─── Recorded information

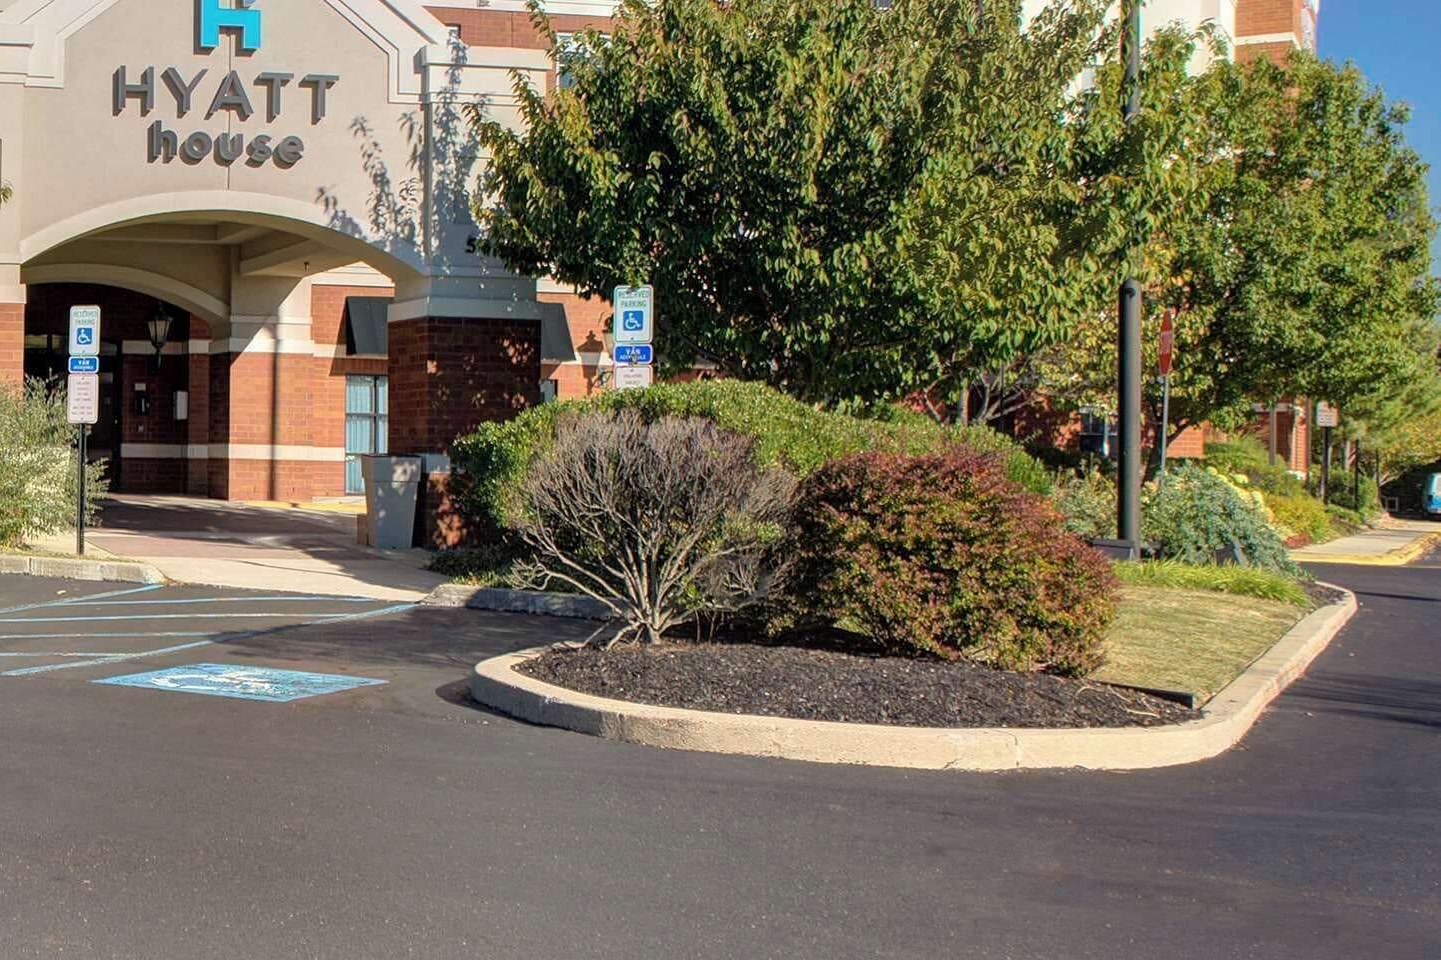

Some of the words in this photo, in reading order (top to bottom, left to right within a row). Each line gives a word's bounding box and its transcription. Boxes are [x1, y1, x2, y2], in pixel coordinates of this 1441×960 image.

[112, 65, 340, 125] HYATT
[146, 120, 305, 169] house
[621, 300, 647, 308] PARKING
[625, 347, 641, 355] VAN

──────

Take every record and copy it word for word, dropping the pictures.

### Written answer
Some of the words in this photo, in reading order (top to bottom, left to right within a row). Each line gives a word's bounding box and its transcription. Boxes are [x1, y1, x2, y2], in pixel coordinates of this 1441×960 image.

[112, 65, 340, 125] HYATT
[146, 120, 305, 169] house
[621, 300, 647, 308] PARKING
[625, 347, 641, 355] VAN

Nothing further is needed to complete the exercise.